SSL Check: Complete Verification of Your Site's SSL/TLS Certificate

HTTPS and SSL certificates: why they are essential

HTTPS is no longer optional: since 2018 Chrome marks all HTTP sites as "Not Secure", Google penalizes sites without HTTPS in rankings, and modern APIs require secure connections. At the core of HTTPS is the SSL/TLS certificate, a digital document that binds a domain's identity to a public cryptographic key. When a browser connects to an HTTPS site, it verifies the certificate to ensure it is communicating with the legitimate server and not an impostor (man-in-the-middle).

A misconfigured SSL certificate causes browser errors that drive away visitors, compromises SEO, and can expose user data. The most common problems include: expired certificate, incomplete certification chain, hostname mismatch, obsolete TLS protocols and weak cipher suites.
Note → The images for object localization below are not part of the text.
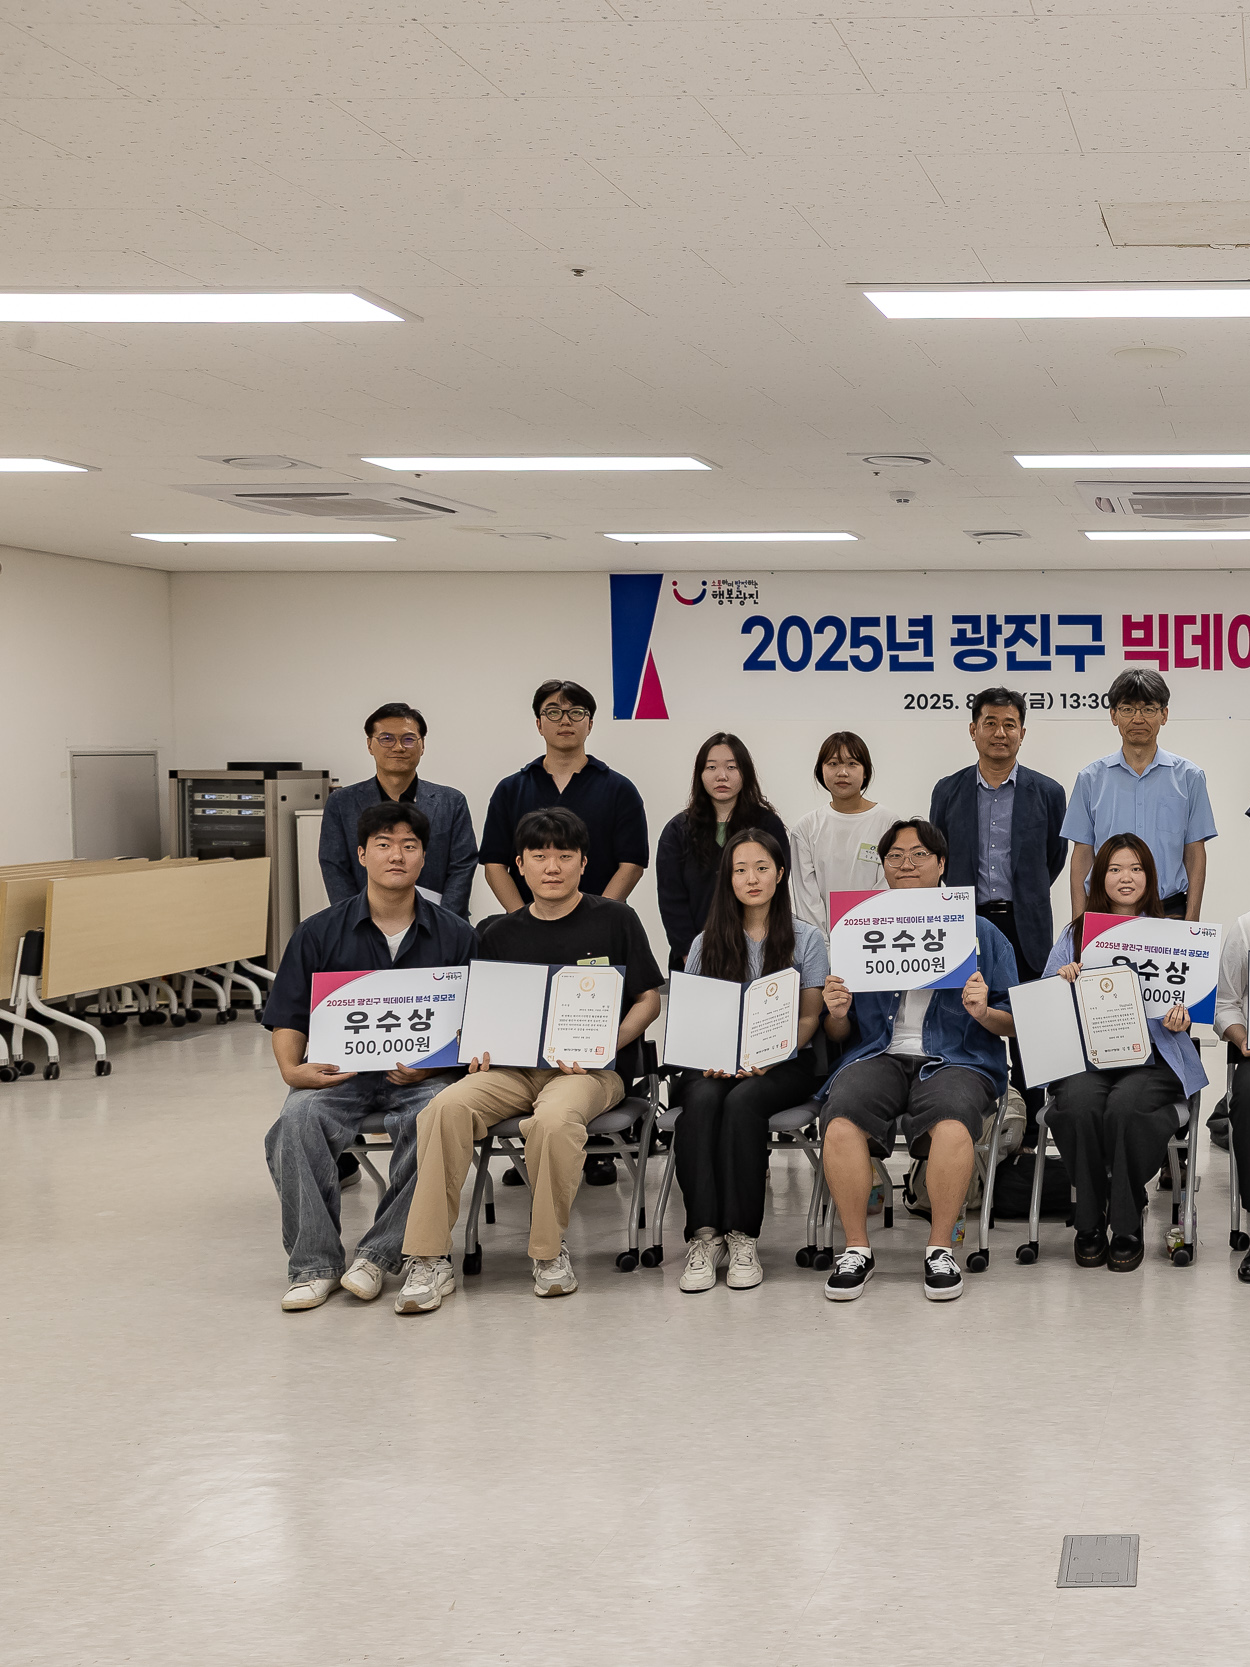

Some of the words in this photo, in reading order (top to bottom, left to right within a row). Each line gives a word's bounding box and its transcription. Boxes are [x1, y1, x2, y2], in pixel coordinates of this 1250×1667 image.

[711, 589, 759, 606] 행복광진
[740, 614, 934, 672] 2025년
[950, 614, 1105, 672] 광진구
[904, 693, 959, 710] 2025.
[844, 917, 870, 926] 2025년
[872, 917, 894, 925] 광진구
[896, 915, 925, 924] 빅데이터
[943, 914, 964, 922] 공모전
[863, 929, 946, 953] 우수상
[1095, 941, 1120, 950] 2025년
[1122, 943, 1142, 952] 광진구
[1144, 945, 1171, 955] 빅데이터
[1188, 950, 1209, 958] 공모전
[865, 957, 945, 975] 500,000원
[327, 999, 355, 1007] 2025년
[357, 998, 381, 1006] 광진구
[383, 996, 413, 1004] 빅데이터
[432, 994, 455, 1002] 공모전
[344, 1008, 434, 1034] 우수상
[344, 1036, 430, 1055] 500,000원
Our SSL Check verifies all these aspects in seconds, providing an overall grade and specific recommendations for each issue found.
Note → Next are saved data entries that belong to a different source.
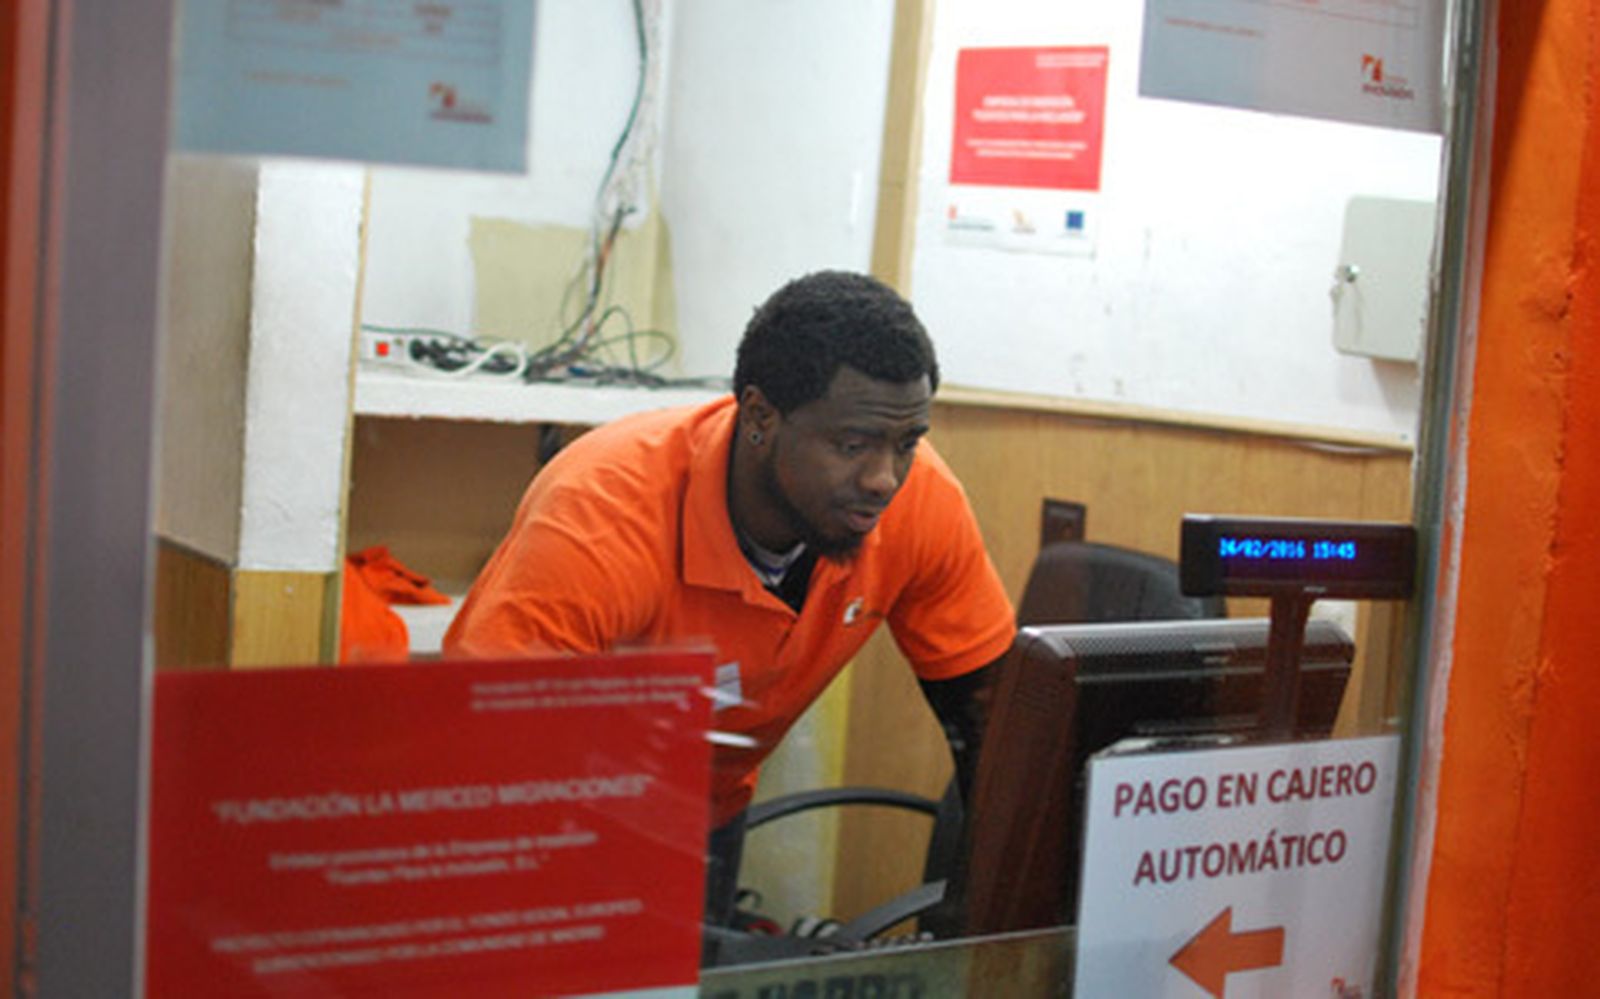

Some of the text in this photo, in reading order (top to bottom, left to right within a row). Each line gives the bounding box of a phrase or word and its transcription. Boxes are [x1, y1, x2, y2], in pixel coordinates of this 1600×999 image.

[1313, 541, 1355, 559] 15:45
[365, 792, 394, 816] LA
[399, 786, 492, 812] MERCED
[1113, 761, 1376, 818] PAGO EN CAJERO
[1132, 828, 1347, 886] AUTOMÁTICO
What the SSL Check verifies

$ ssl-check --target esempio.com

[Grade]     A+
[Subject]   esempio.com
[Issuer]    Let's Encrypt Authority X3
[Protocol]  TLS 1.3
[Cipher]    TLS_AES_256_GCM_SHA384
[Key Size]  2048 bit RSA
[Valid]     2026-01-15 → 2026-04-15
[Days Left] 41 days
[Chain]     3 certificati (leaf → intermediate → root)
[SAN]       esempio.com, www.esempio.com, api.esempio.com

The grade ranges from A+ (optimal configuration) to F (critical issues). An A grade requires: TLS 1.2+ with secure ciphers, valid certificate with complete chain, key of at least 2048 bits, and HSTS enabled. To achieve A+ you also need HSTS preload. Grade B indicates acceptable but not optimal ciphers. C or lower means TLS 1.0/1.1 is active or weak ciphers are present — to be corrected urgently. Also check HTTP security headers with Security Headers for a complete picture.

The certification chain

An SSL certificate does not work alone: it is part of a chain of trust. Your site's certificate (leaf) is signed by an intermediate CA, which in turn is signed by a root CA present in the browser's trust store. If the chain is incomplete (an intermediate certificate is missing), some browsers show errors while others don't (because they automatically download missing intermediates). For an in-depth chain verification, use Certificate Chain which visualizes each link and identifies issues.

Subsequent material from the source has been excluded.